### [WHAT THE TASK REQUIRES]
Repeat each entry word for word; the images are not part of the copy.

### [EXTRACTED MATERIAL]
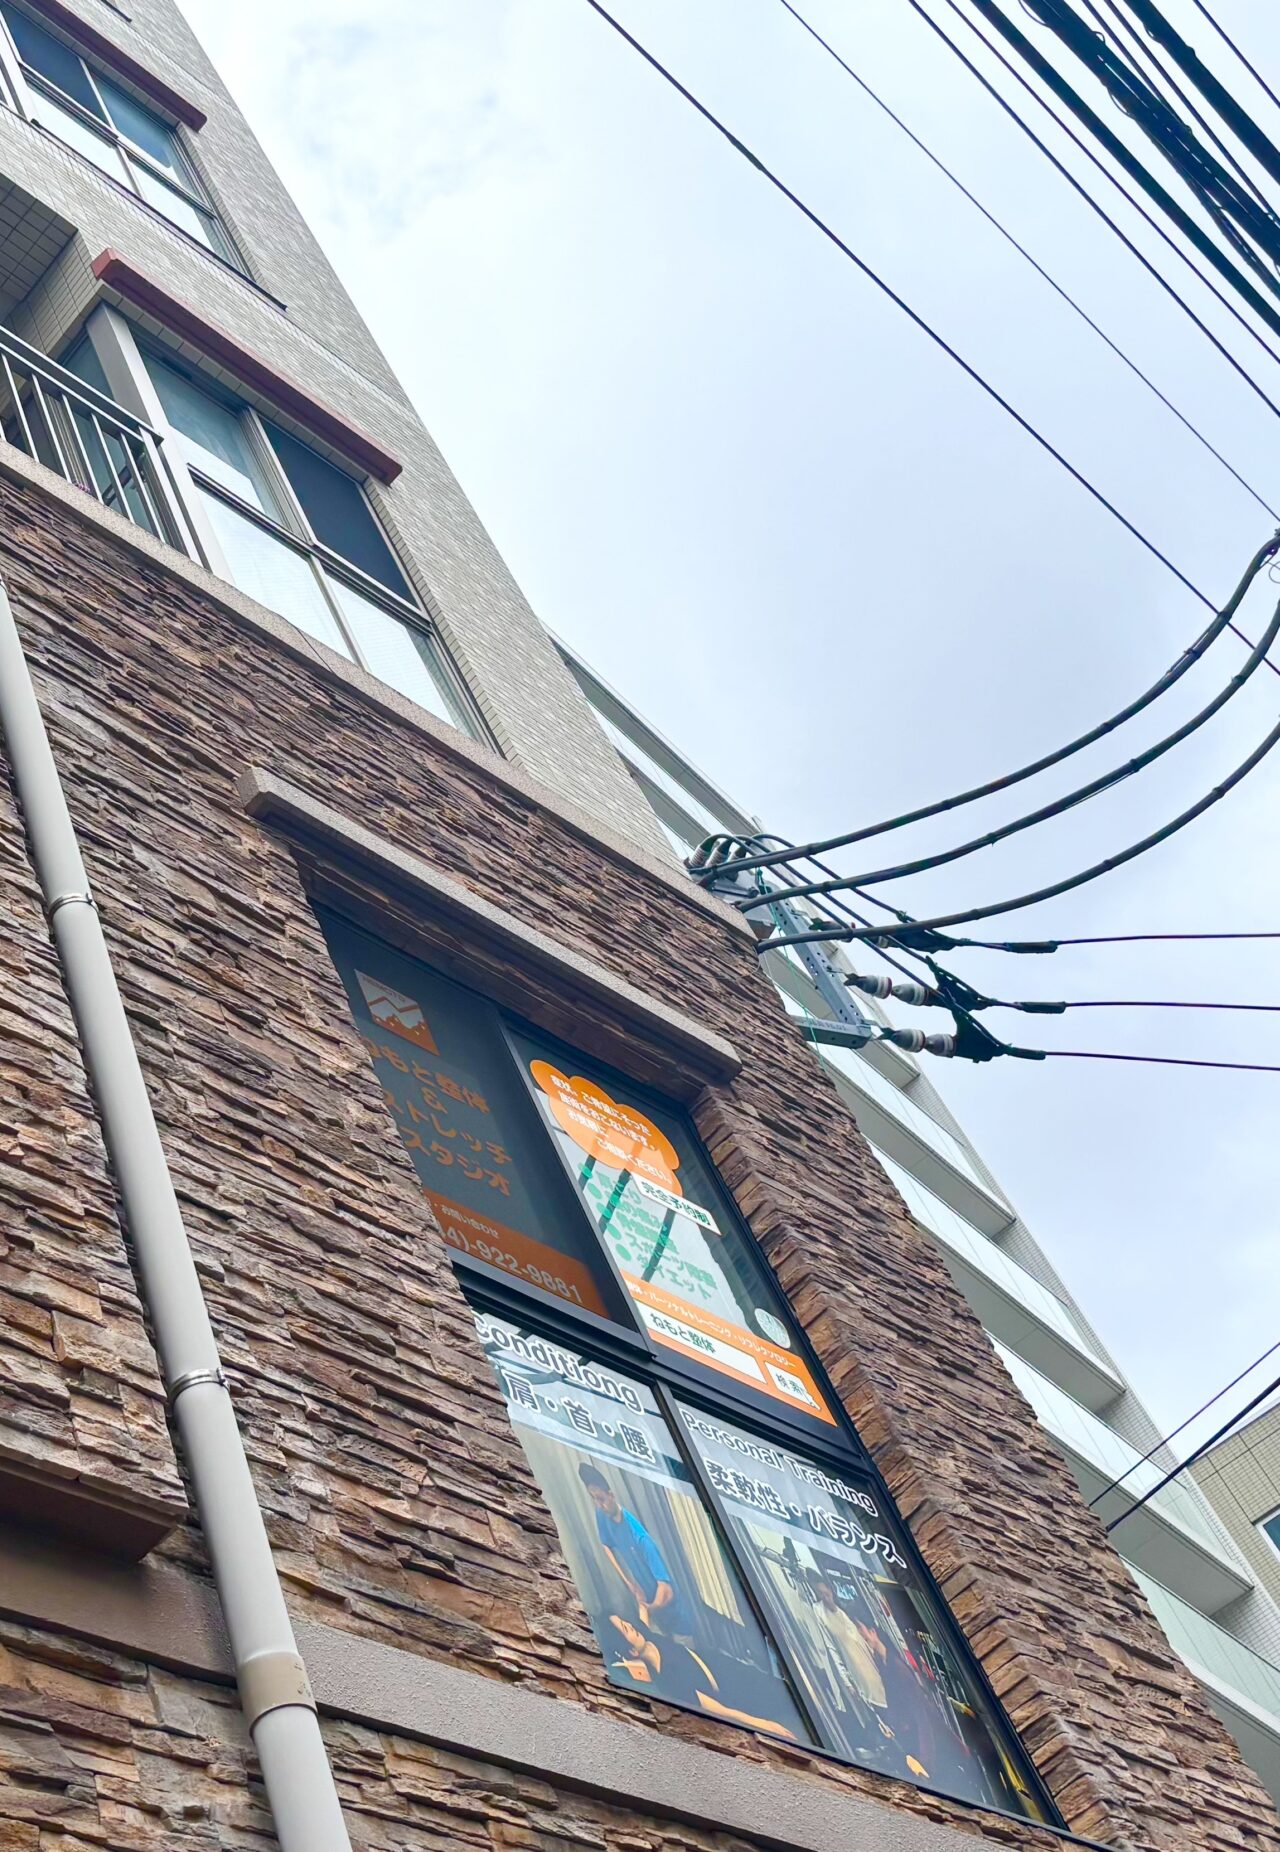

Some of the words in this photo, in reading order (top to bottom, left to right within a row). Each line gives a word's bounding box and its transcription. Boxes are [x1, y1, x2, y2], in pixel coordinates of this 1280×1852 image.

[399, 1124, 511, 1198] スタジオ
[649, 1312, 717, 1354] ねもと整体
[500, 1368, 656, 1464] 肩・首・腰
[678, 1407, 785, 1473] Personal
[784, 1454, 879, 1518] Training
[703, 1458, 909, 1570] 柔軟性・バランス
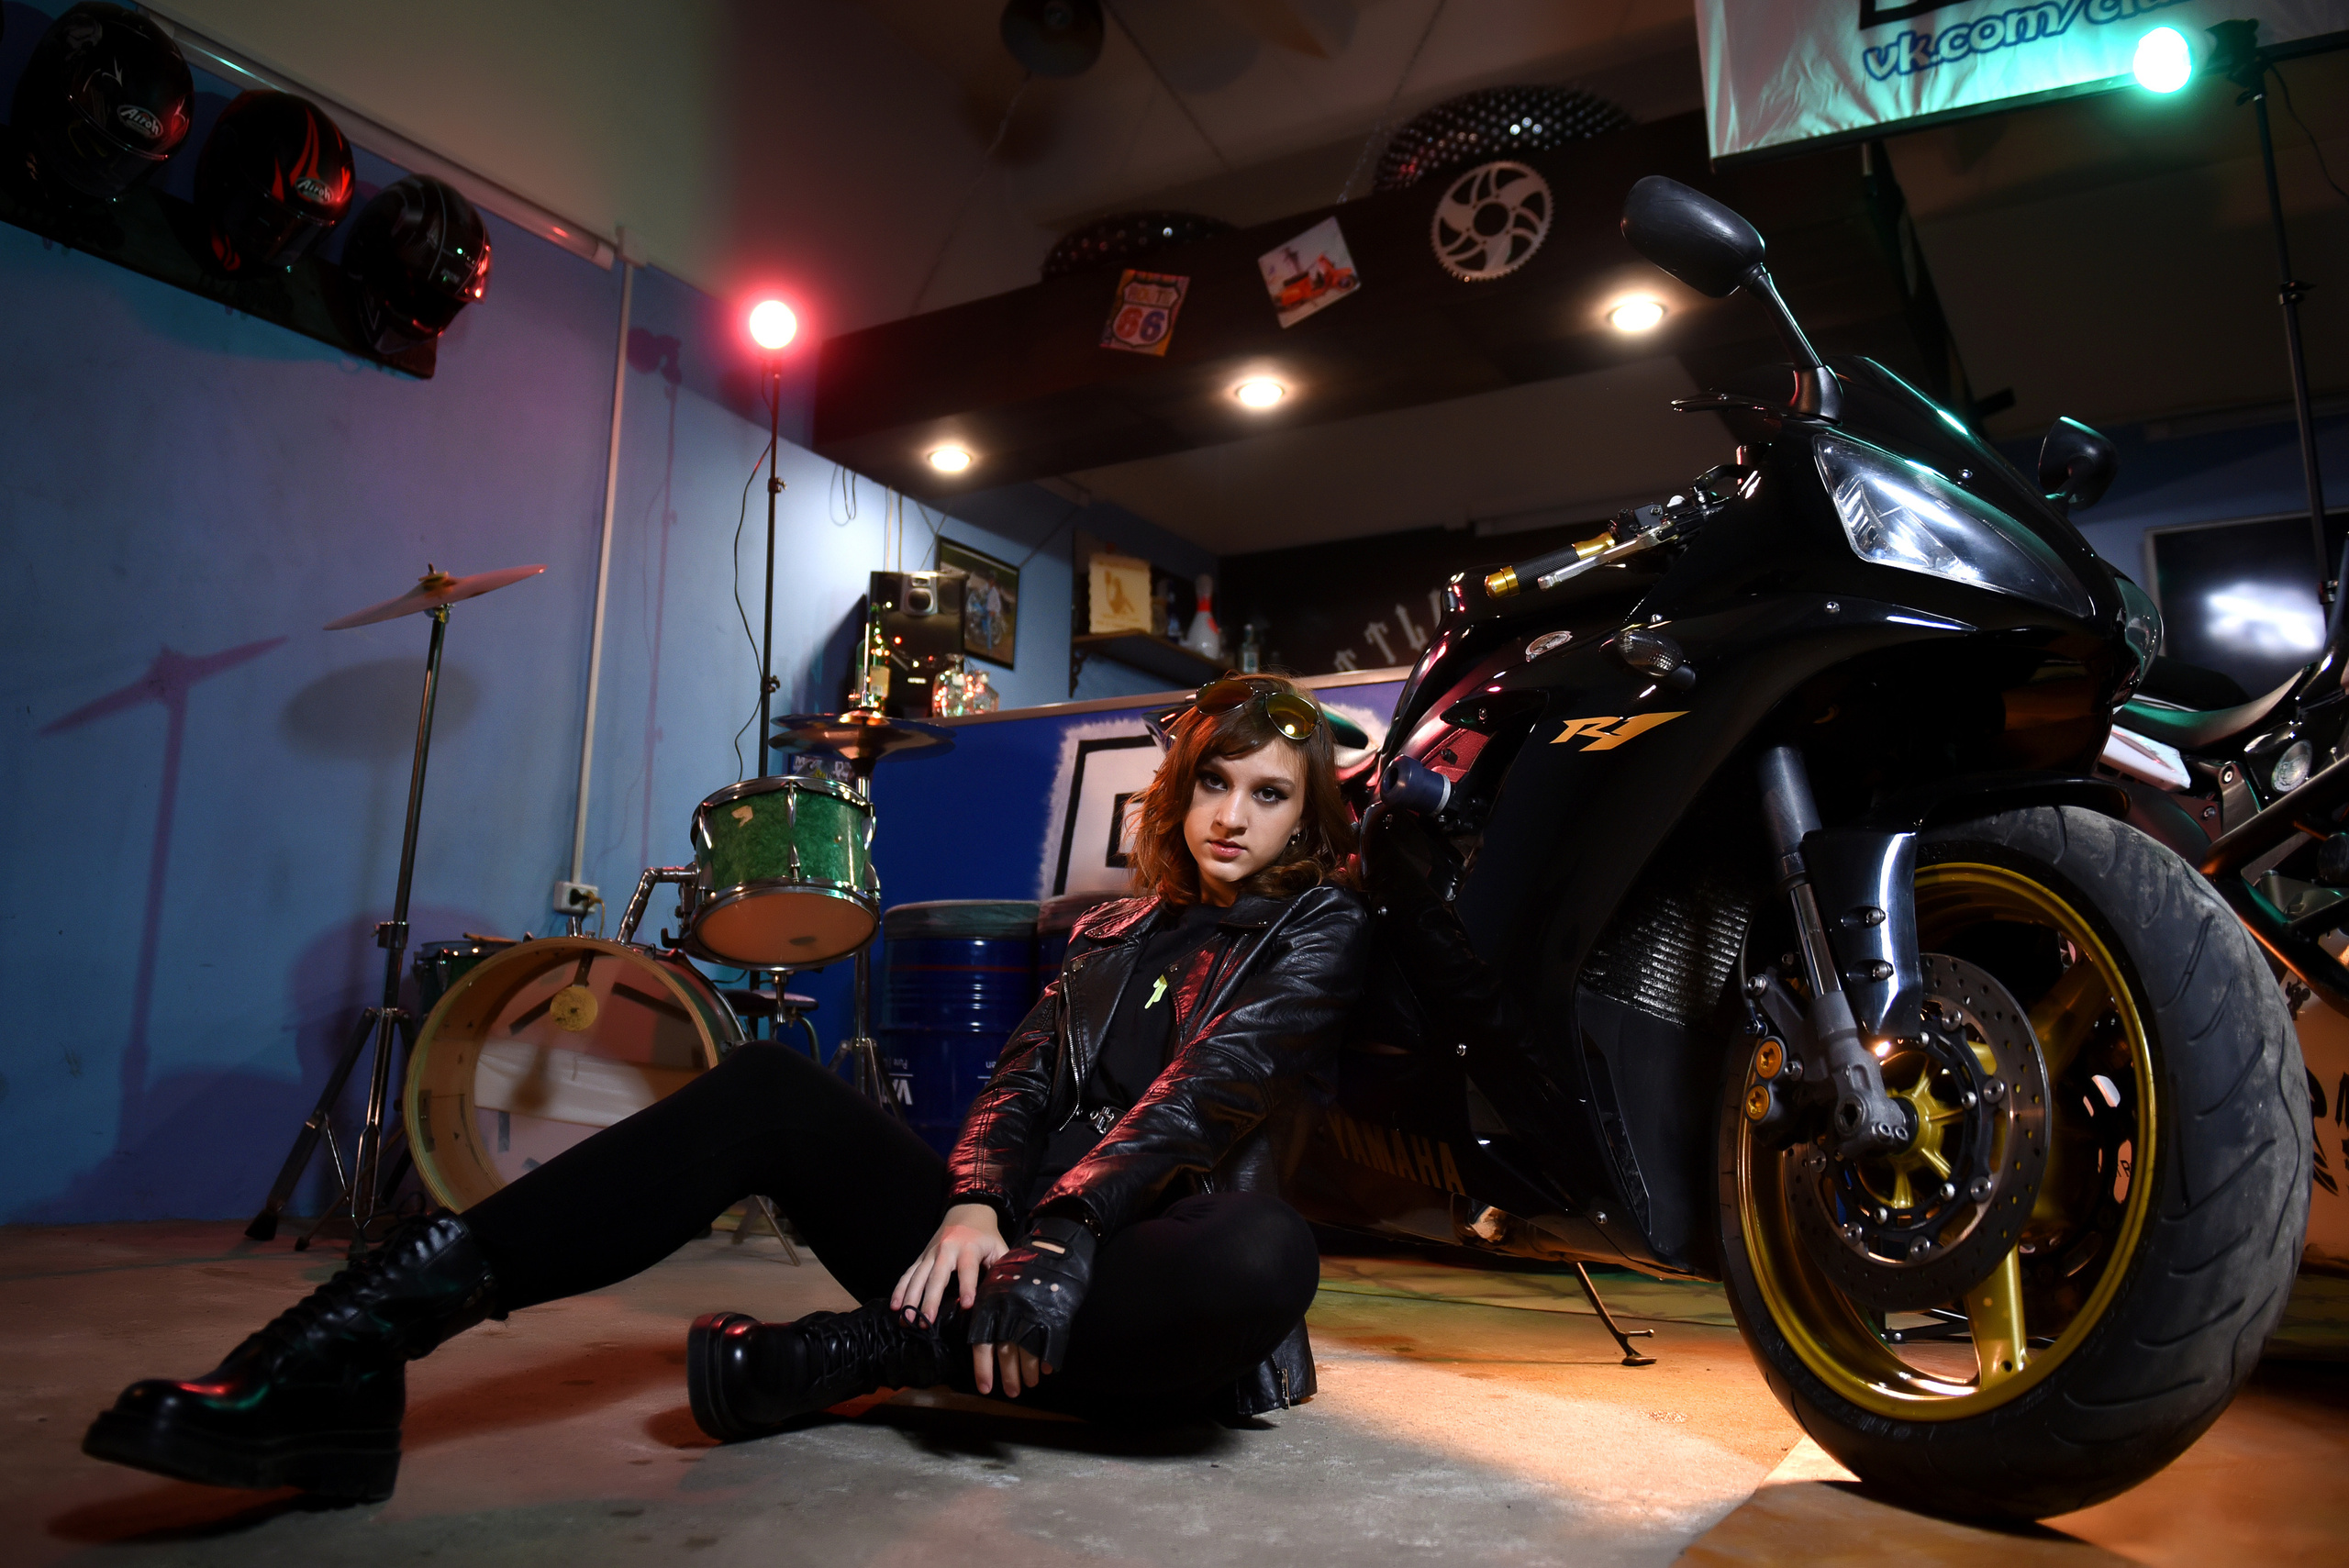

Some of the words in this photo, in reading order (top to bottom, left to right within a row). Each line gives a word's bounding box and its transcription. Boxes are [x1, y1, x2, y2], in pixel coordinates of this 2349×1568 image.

[120, 108, 160, 136] Airoh
[297, 178, 331, 202] Airoh
[1115, 306, 1165, 342] 66
[1548, 710, 1692, 752] R1
[1326, 1111, 1467, 1196] YAMAHA

### [YOUR RESPONSE]
Some of the words in this photo, in reading order (top to bottom, left to right within a row). Each line gives a word's bounding box and its transcription. Boxes are [x1, y1, x2, y2], in pixel coordinates of this 1280×1852 image.

[399, 1124, 511, 1198] スタジオ
[649, 1312, 717, 1354] ねもと整体
[500, 1368, 656, 1464] 肩・首・腰
[678, 1407, 785, 1473] Personal
[784, 1454, 879, 1518] Training
[703, 1458, 909, 1570] 柔軟性・バランス

Some of the words in this photo, in reading order (top to bottom, left to right within a row). Each line gives a word's bounding box and its transcription. Boxes are [x1, y1, x2, y2], in pixel coordinates of this 2349×1568 image.

[120, 108, 160, 136] Airoh
[297, 178, 331, 202] Airoh
[1115, 306, 1165, 342] 66
[1548, 710, 1692, 752] R1
[1326, 1111, 1467, 1196] YAMAHA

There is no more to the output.